What about it? There's at least a 38 second interval from the time the locomotive engineer went to throttle "4" and the train accelerated to 20 mph to the time the engineer must have become cognizant of the danger, throttled off and placed the train in emergency braking. Shouldn't the alerter have sounded and required the engineer to take some action?
Those of you with a memory as good as mine (which isn't much of an achievement) will recall that after the Metro-North overspeed derailment at Spuyten Duyvil a bit of a fuss was made over the fact that the Bombardier cab cars were not equipped with electronic alertness devices, utilizing only "dead-man" pedals. There was the usual speculation by the usual speculators that an alerter might have been able to compel the locomotive engineer's attention to the imminent danger. So...
So the Comet cab cars utilized on NJT trains are equipped with electronic alerters, and 38 seconds is a long time and shouldn't the alerter have sounded, and and and........
And nothing. The installation and function of alerters is required by 49 CFR 229.140 which specifies that the timing cycle, the intervals between alerts, be within 10 seconds of the time derived from the formula 2400 divided by the speed of the train in miles per hour. So if the train is operating at 80 mph, the alerts have to occur every 40 to 20 seconds.
For locomotives operating at speeds below 20 mph, the interval must fall between 110 and 130 seconds. So accelerating to 20 mph, for 38 seconds, with the locomotive engineer fast asleep, and the end of track 800 feet away? The alerter is of no use, and no value. Literally.
FRA establishes minimum standards for compliance, and the minimum standards may not have the slightest relation to the actual risk that the standard is supposed to ameliorate. In the case of electronic alerters, the assumption behind the timing cycle is that the higher the speed, the greater the risk.
The experience behind the assumption? The experience of long-distance long haul passenger trains and freight trains operating over track not equipped with automatic cab signals and automatic speed control systems. Then, because the speed of the train is not subject to any enforcement separate from the locomotive engineer's "will," we think we can work around that fundamental vulnerability, that single source of failure, by making the fundamental vulnerability, that single source of failure, more alert.

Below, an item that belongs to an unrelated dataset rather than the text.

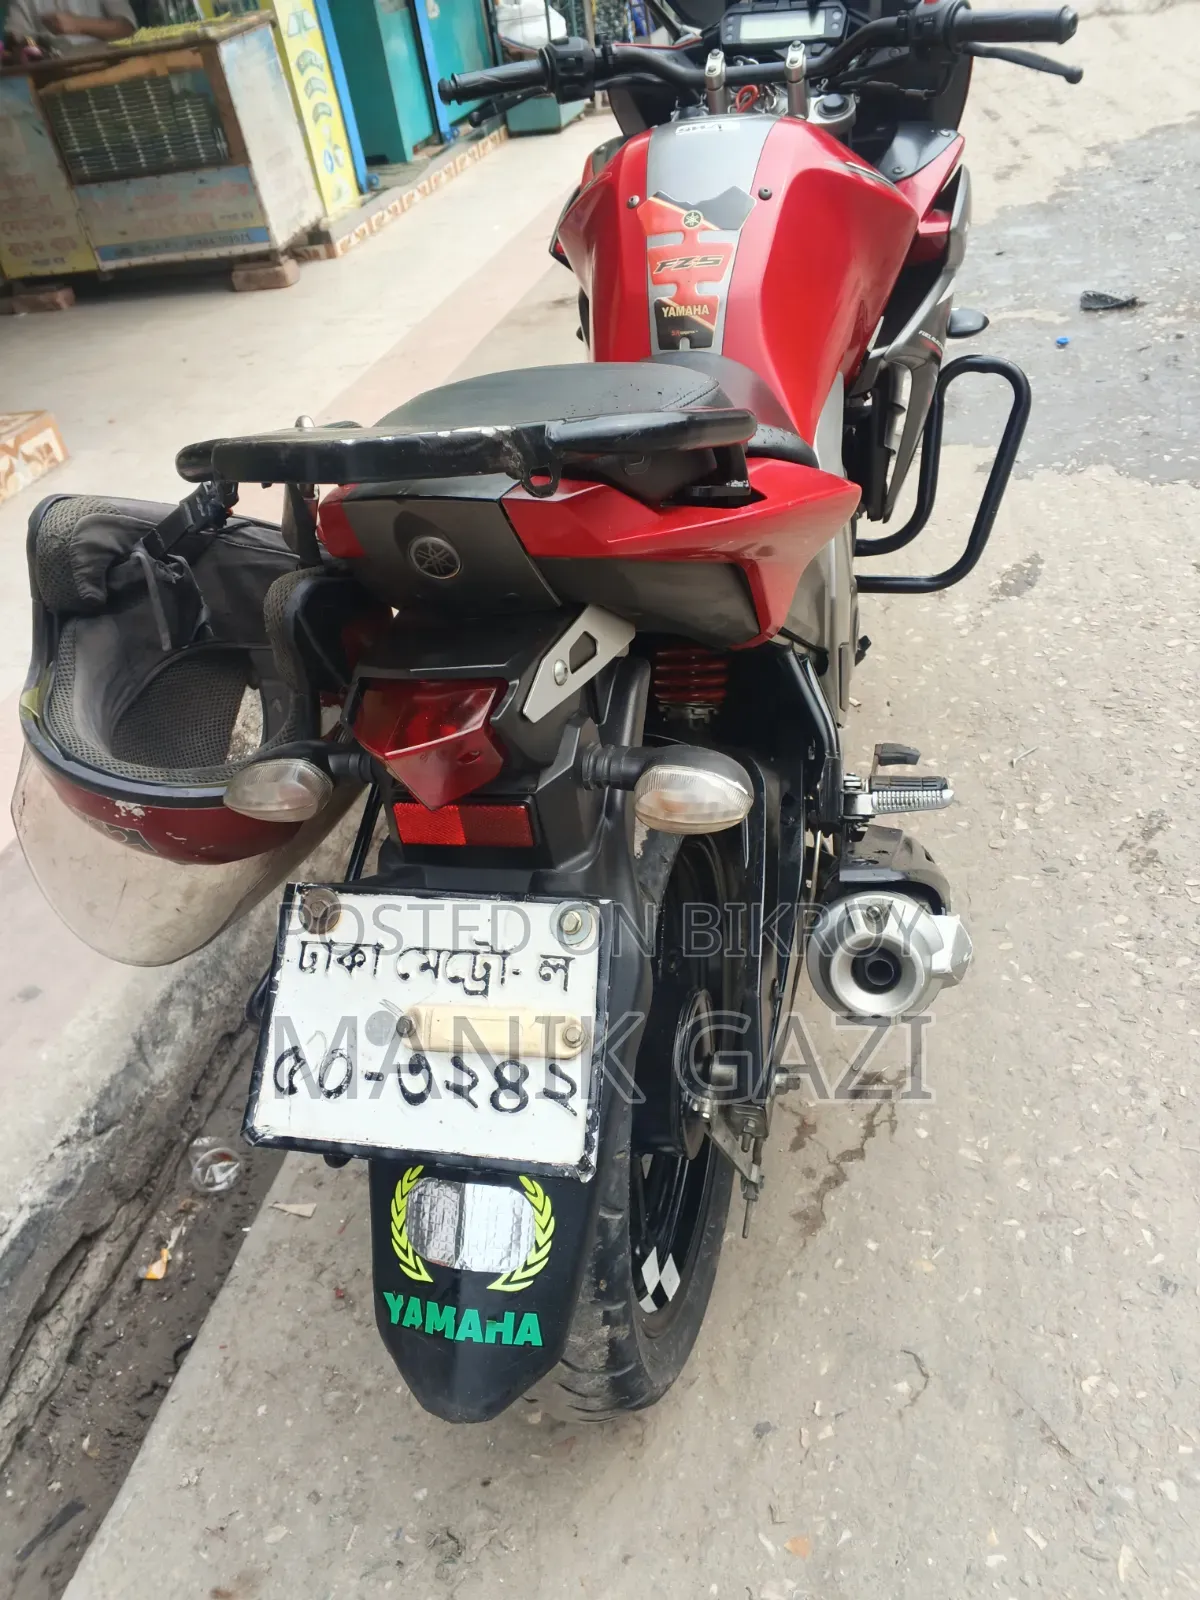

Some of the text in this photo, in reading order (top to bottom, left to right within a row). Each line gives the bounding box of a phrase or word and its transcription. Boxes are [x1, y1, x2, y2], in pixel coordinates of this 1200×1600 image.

In practice, the theory, practice,and assumptions don't apply to commuter train operations where cab signals and speed control govern train movement. Under those conditions, the greatest risk to safe train operations exists in the slow speed operations-- in the low speed violation of a stop signal; in the low speed violation of restricted speed requirements-- precisely those areas of enforcement outside the "reach" of the older automatic speed control systems.

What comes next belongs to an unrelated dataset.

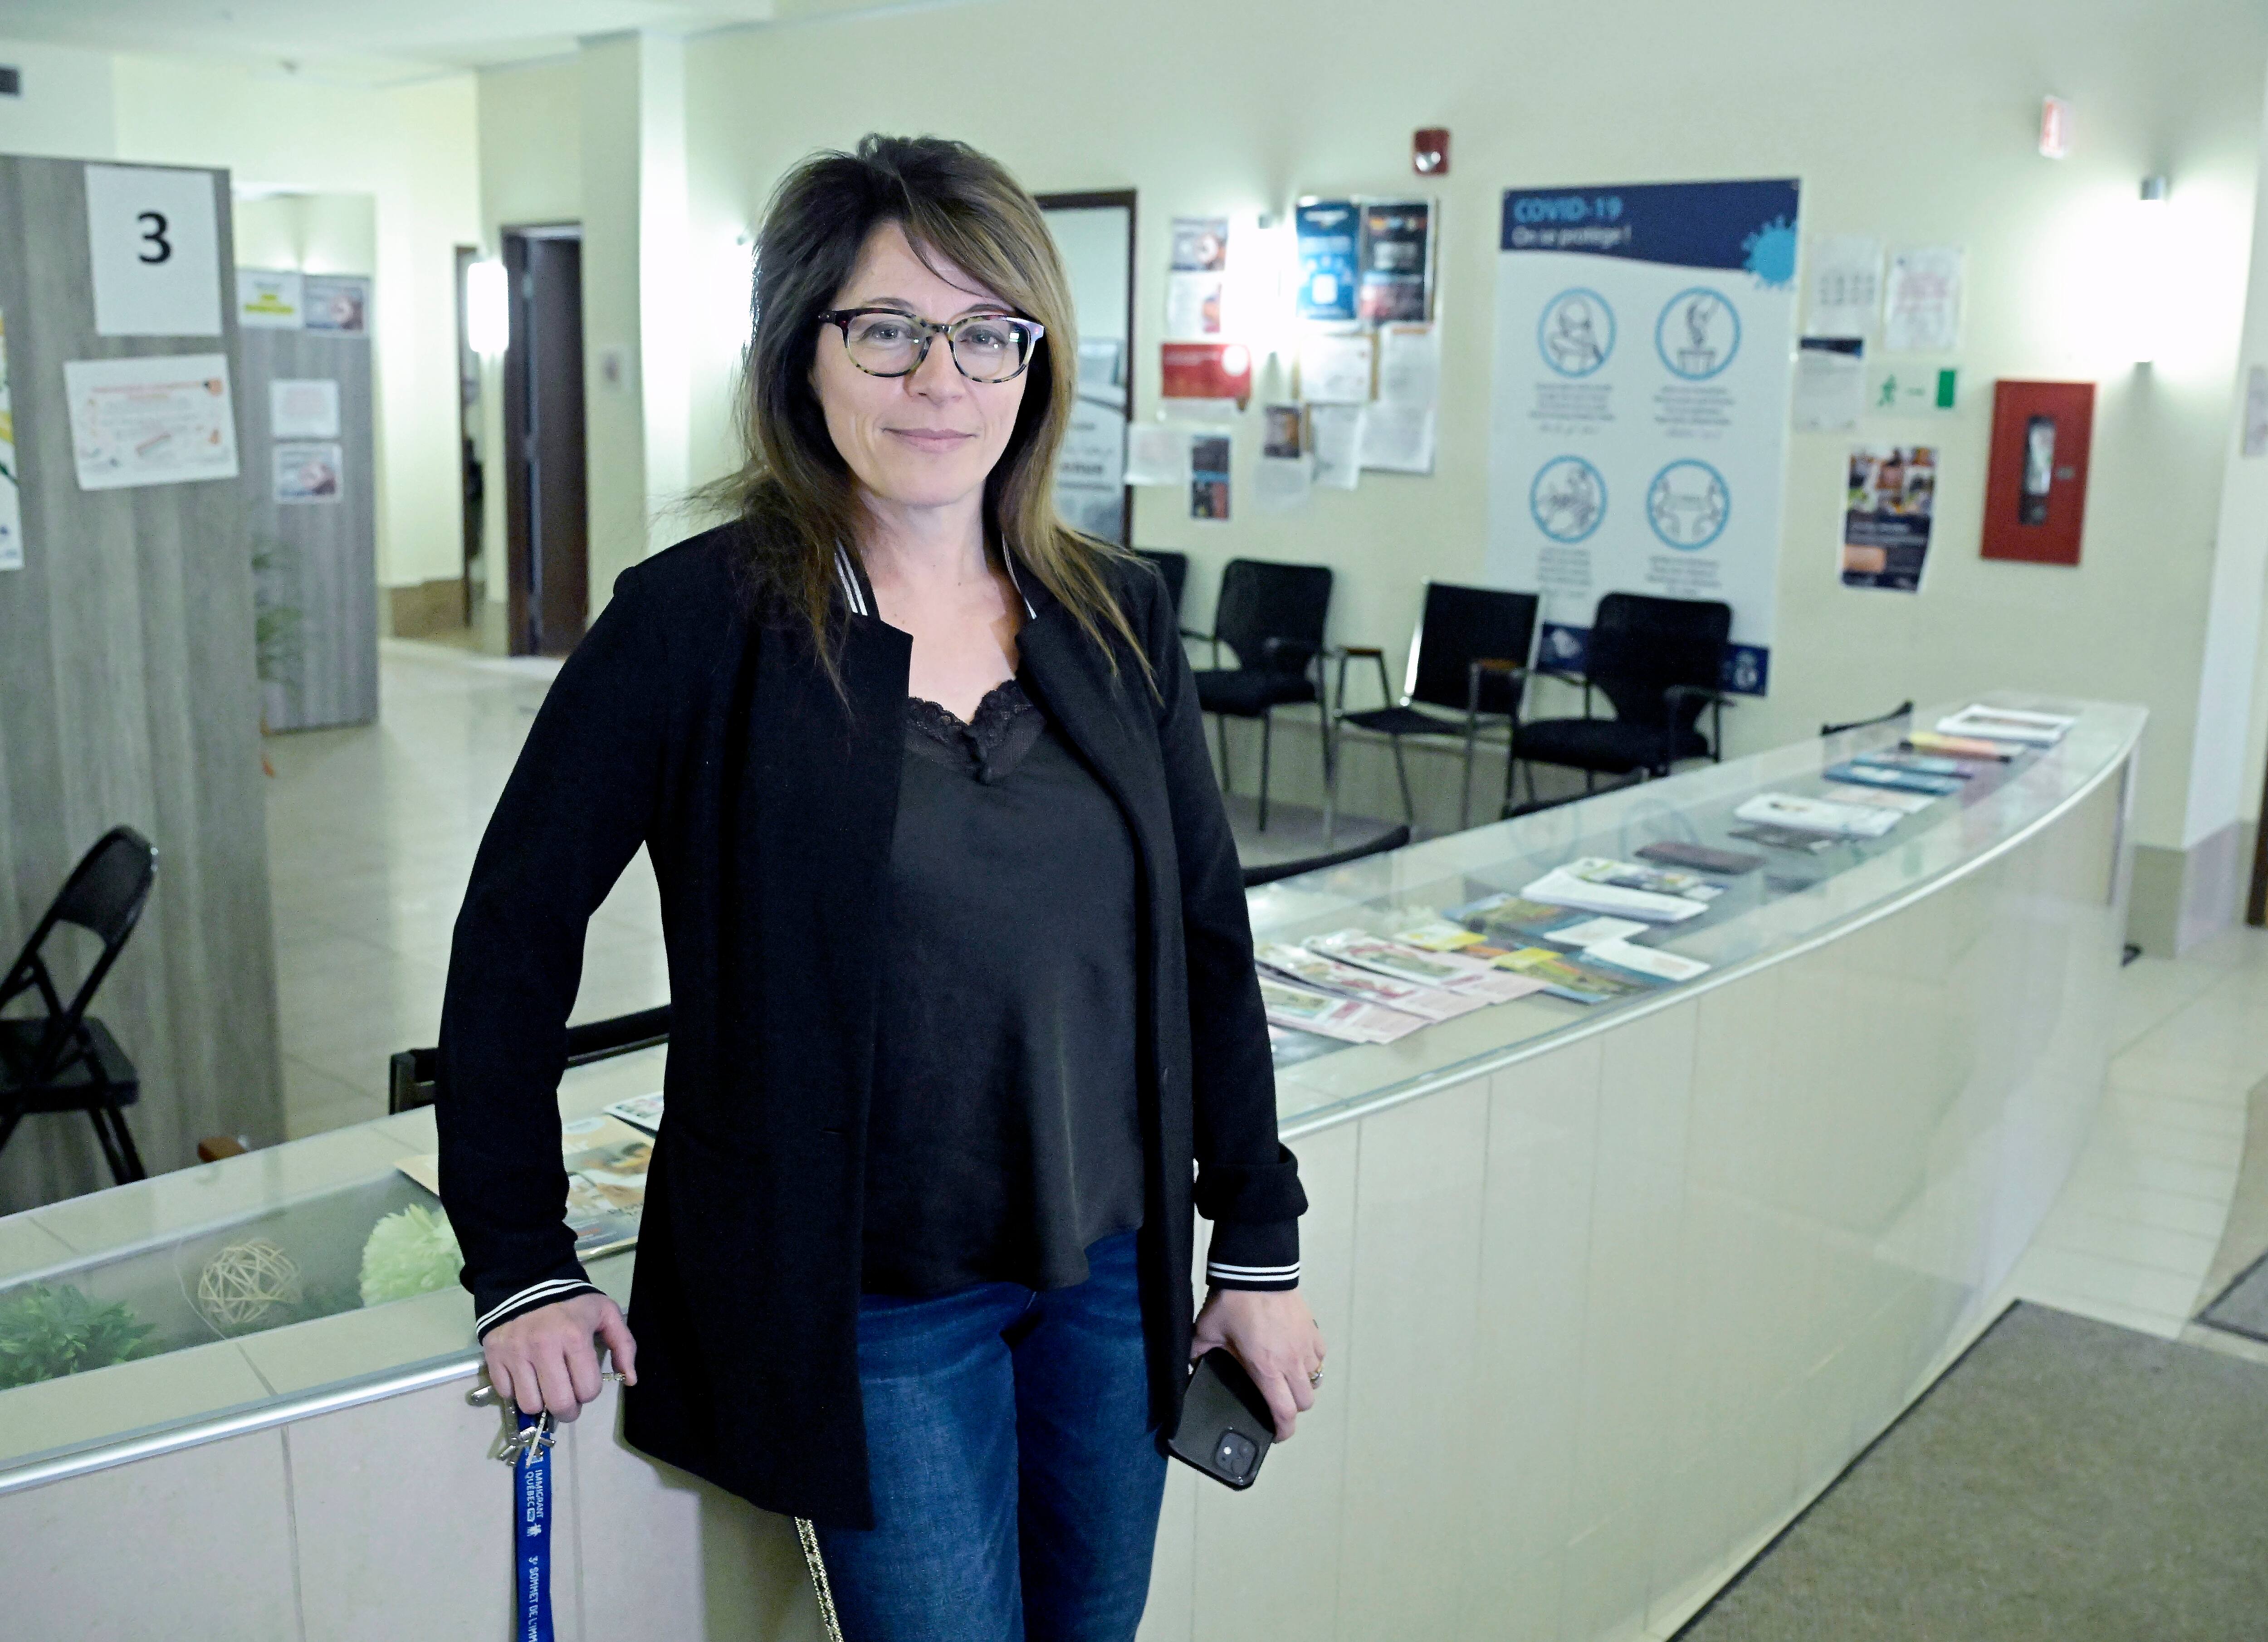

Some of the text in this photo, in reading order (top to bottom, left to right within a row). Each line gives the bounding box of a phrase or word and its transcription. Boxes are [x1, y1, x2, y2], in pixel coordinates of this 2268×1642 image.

Railroads, including commuter railroads, are so intent on satisfying the "minimum standard" for compliance, the actual vulnerabilities to safe train operations drop away from discussion and action.
When the RFPs, design specs, etc go out for the purchase of locomotives or cab cars, you can be certain every document will have the following spec: "Alerters: each locomotive will be equipped with an alertness device that meets all the requirements listed in 49 CFR 229.140."
I don't know of a single operating officer at any level authority who ever said that he or she actually needed FRA to tell him or her what to do. We all, and always, have said, "the day I need FRA to tell me how to run a safe railroad is the day I resign my position." But when it comes to actually insisting on a performance specification, then, for some strange reason, doing what the FRA tells us to do, meeting the minimum standard, is supposed to be more than enough.
We accept that "minimum standard" as an effective substitute for establishing continuous speed enforcement from X velocity to zero velocity under all circumstances.
My recommendation is that we do away with "minimum standards for compliance;" that we not avail ourselves of FRA's minimums. For example, we should not avail ourselves of FRA's minimal requirement necessary to win mainlne track exemptions in passenger terminals; that is to say that speed be capped at 20 mph.
Rather, we should enforce terminal operating speeds at 10 mph and set a zero mph target at the end of every platform track. Of course, we set the target itself far enough beyond the end of track so as to get the maximum usable length of the track for trains, but that represents no risk to safety as the braking curve enforced by the zero velocity target will prevent derailment. We positively enforce the stop required at the end of the track.
Bumping blocks? Save your money. Don't buy them, or buy styrofoam blocks and have them carved and painted to look like bumping blocks.
Then use the money you won't spend on bumping blocks to equip these hunks of styrofoam with WIUs that will set a zero velocity target for trains entering the track.
Then with the money you save by not buying bumping blocks, but by enforcing zero velocity; the money you save from not clearing wrecks, from not derailing/rerailing trains by actually controlling train speed, we can buy more equipment, without alerters, and run more trains, at more than a minimum standard.